Multiple AWS EC2 running Auto Scaling and Distributed Memcache

amazon ec2autoscalingload balancingmemcachememcached

I'm planning to use distributed Memcache across a series of Linux web servers on Amazon EC2. These EC2s currently run auto scaling so will increase and decrease with load.

I have used this post to guide the initial setup.

best practice with memcache/php – multi memcache nodes

And another link it references in a reply.

http://techgurulive.com/2009/07/22/a-brief-to-memcached-hash-types/

I'm a little unsure on how the web servers local AWS IPs will be updated in the list of nodes within the Memcache client code as and when the servers increase and decrease.
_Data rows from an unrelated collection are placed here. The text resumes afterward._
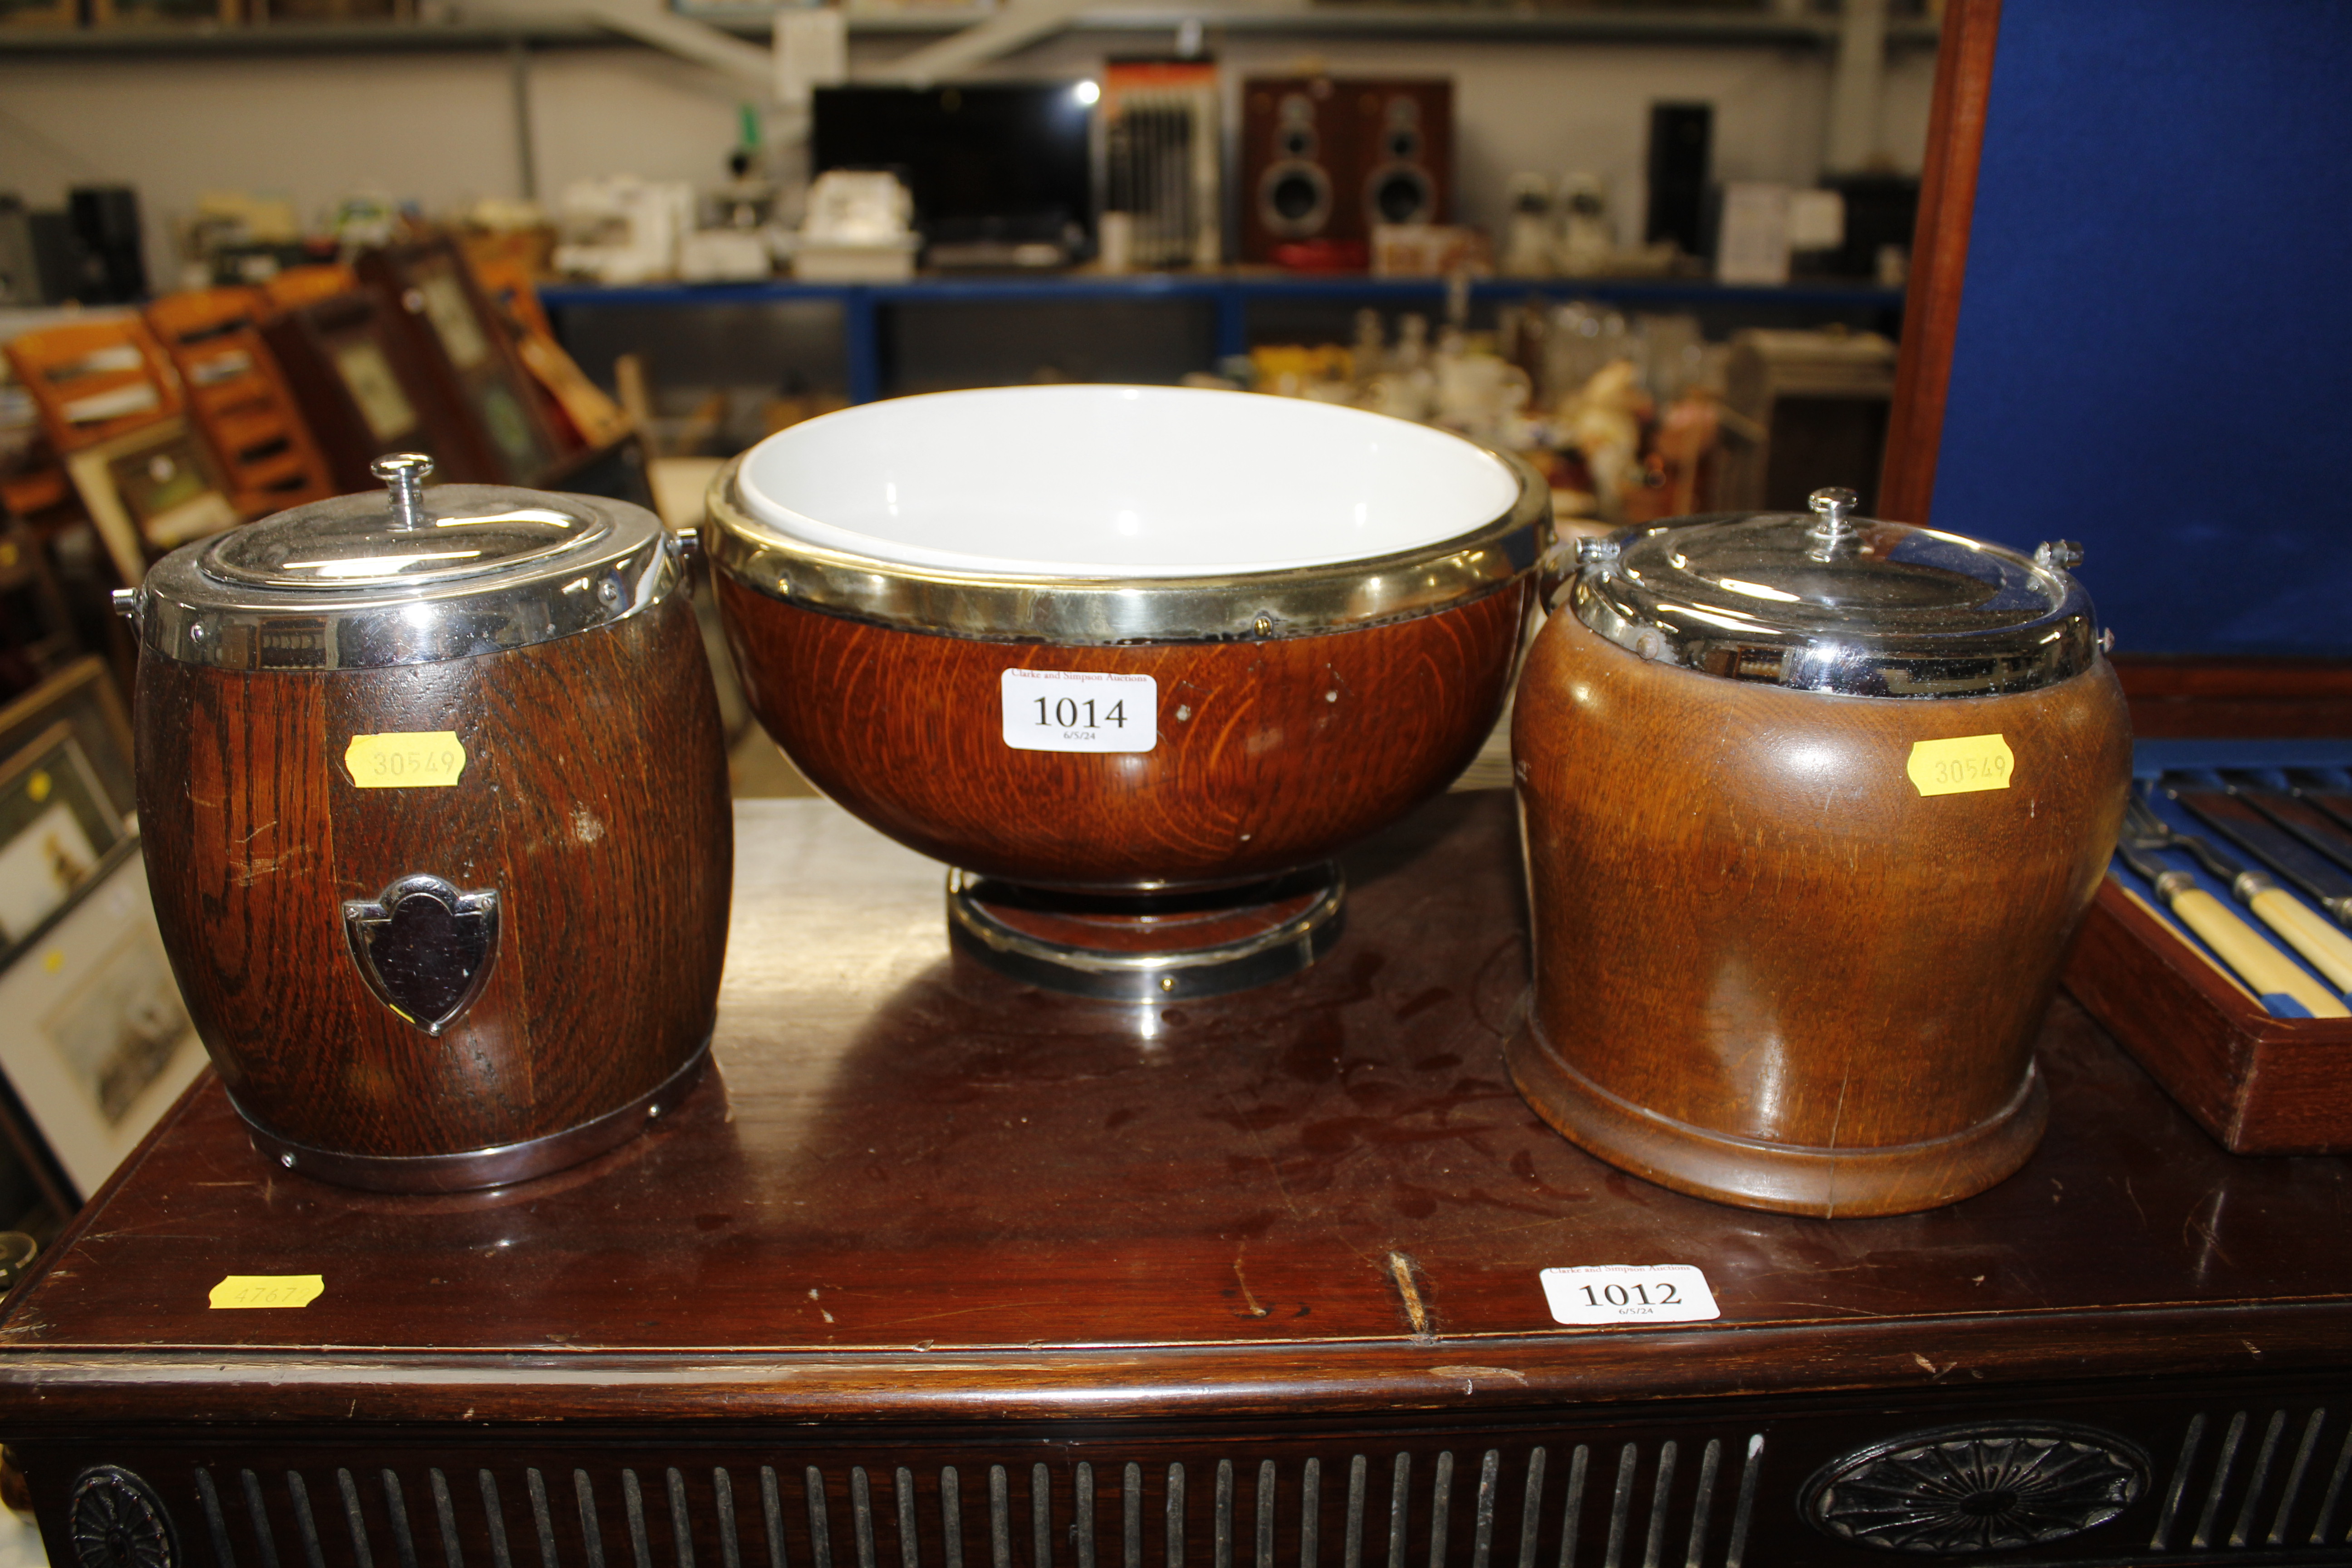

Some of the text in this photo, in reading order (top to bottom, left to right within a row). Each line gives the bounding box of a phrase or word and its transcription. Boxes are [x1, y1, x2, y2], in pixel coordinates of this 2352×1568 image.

[1011, 669, 1147, 682] Clarke and Simpson Auctions
[1034, 696, 1128, 728] 1014
[1063, 731, 1096, 740] 6/5/24
[373, 750, 455, 776] 30549
[1935, 755, 2006, 784] 30549
[234, 1288, 310, 1303] 47672
[1579, 1283, 1682, 1306] 1012
I am currently using PHP PECL – Memcache on the client.

Does anyone know the best implementation to manage this with the AWS environment?

Thanks in advance for any suggestions.

Dave

Best Answer

It sounds like you are designing a fairly large system to handle quite a bit of load. If so, you likely want to have separate instances for Memcache and web nodes, as their performance characteristics are quite different. By separating the two you can use an instance type more suited to each.
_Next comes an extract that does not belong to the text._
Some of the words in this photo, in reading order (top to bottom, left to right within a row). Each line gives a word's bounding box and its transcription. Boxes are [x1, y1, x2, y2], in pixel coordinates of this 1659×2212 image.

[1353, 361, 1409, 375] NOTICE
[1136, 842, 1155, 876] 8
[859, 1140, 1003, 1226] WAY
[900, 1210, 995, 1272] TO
Memcache uses almost no CPU under normal circumstances, so using a high memory instance makes sense. Likewise, web servers are generally processor intensive. Use high CPU instances for them.

Keep in mind that memcached itself is very simple. It sits and waits for a command saying "get me this key" or "set this key to this value" (there are a few others, but that's the basics). Any hashing/etc is purely done in the client memcached library.

With this in mind, auto-scaling of memcached is quite ambitious, although it certainly can be done. If you are constantly bringing up and decommissioning servers, you will either have to accept that some cached data will periodically be lost, presumably putting more load on your databases, or ensure that all data stored in a memcached instance is first copied to another instance.